The second is how NLM helps people see their what if using the amazing richness of the resources that we make available through our collections. Our resources—which encompass clinical insights, medical information, care guidelines, and self-management—help clinicians determine how to care for people with complex diseases or diagnose an illness in a timely manner. Our repository of clinical information available through PubMed ensures that those in need can access well-reasoned, recognized guiding principles for their care, and our MedlinePlus web resource provides patients and their families and friends with reliable, up-to-date health information to support and encourage healthy behavioral changes.
As in The Midnight Library, books alone do not inspire discovery, guide clinical care, or inform self-management. In Haig’s novel, a fictional librarian who knows the collection shows the main character how to select books by carefully listening to her goals and needs. It is the main character’s engagement with the books that helps her explore the lives she could have lived. At NLM, we too have librarians—located in Bethesda, Maryland, and around the country through NLM’s Network of the National Library of Medicine—who organize the library’s collections and guide patrons toward the best choice of resources. Our resources must be findable, accessible, interoperable, reusable, and actionable! And then, the person—scientist, clinician, patient—must actively engage with the material.

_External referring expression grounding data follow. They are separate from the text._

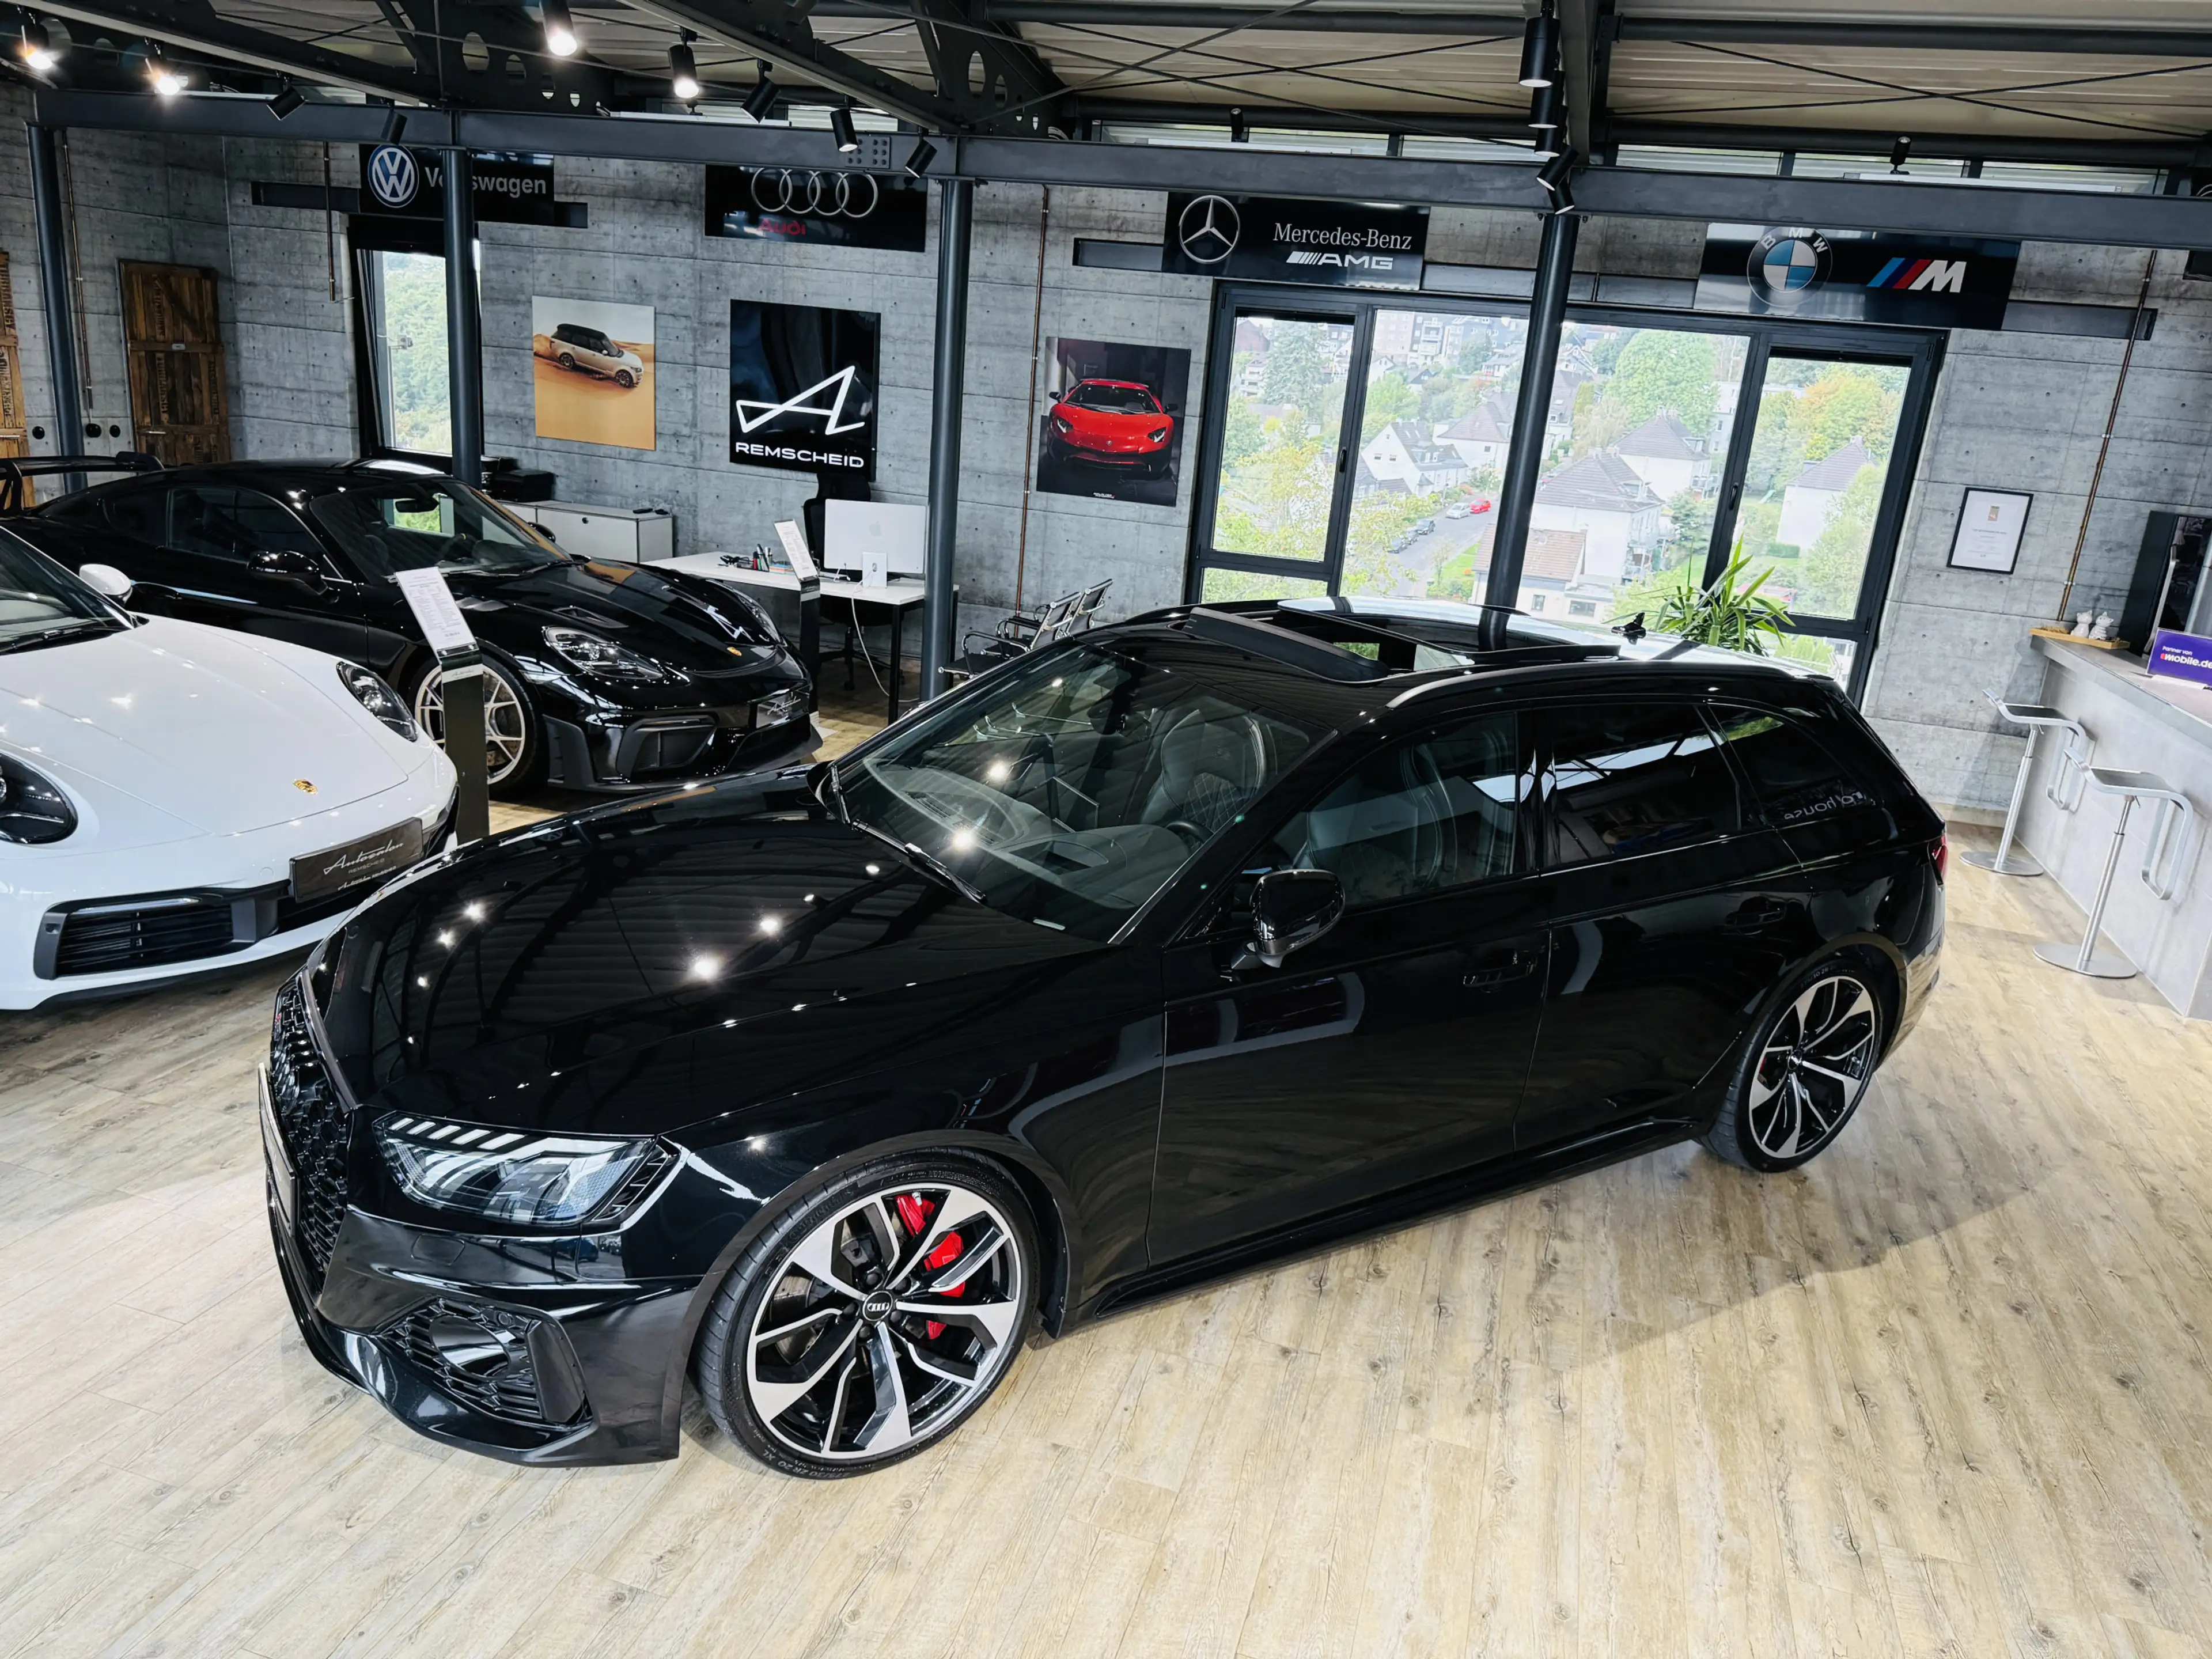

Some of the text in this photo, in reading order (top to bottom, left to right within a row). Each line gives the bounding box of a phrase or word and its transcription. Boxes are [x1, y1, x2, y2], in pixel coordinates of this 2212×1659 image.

[757, 218, 806, 236] Audi
[1272, 222, 1412, 250] Mercedes-Benz
[1760, 228, 1828, 253] BMW
[1317, 253, 1393, 270] AMG
[735, 442, 865, 468] REMSCHEID
[2164, 654, 2212, 668] mobile.de

As we approach the future of data-powered health, guided by the NLM Strategic Plan (2017-2027), we will fulfill our mission to collect biomedical literature, organize it, preserve it, and make it accessible to the world. As the knowledge of health and biomedicine continues to grow faster than we can process, we will turn our attention to applying emerging tools, including machine learning and artificial intelligence, to make it easier to find our materials and more efficient to examine them. Through our Extramural Programs, we will continue to stimulate new ways of presenting information to scientists, clinicians, patients, and the public so they can explore possible lives to be lived and test out their promise of better health for society. What lives can we help you explore?

Patricia Flatley Brennan, RN, PhD
Director, National Library of MedicineDr. Brennan is the Director of the NIH National Library of Medicine, a leader in biomedical informatics and computational health data science research and the world’s largest biomedical library. Under her leadership, NLM has grown its intramural and extramural research enterprise, extended stakeholders’ access to credible and reliable health information, and acquired and preserved biomedical literature using cutting-edge digital research and outreach. Read more about Dr. Brennan.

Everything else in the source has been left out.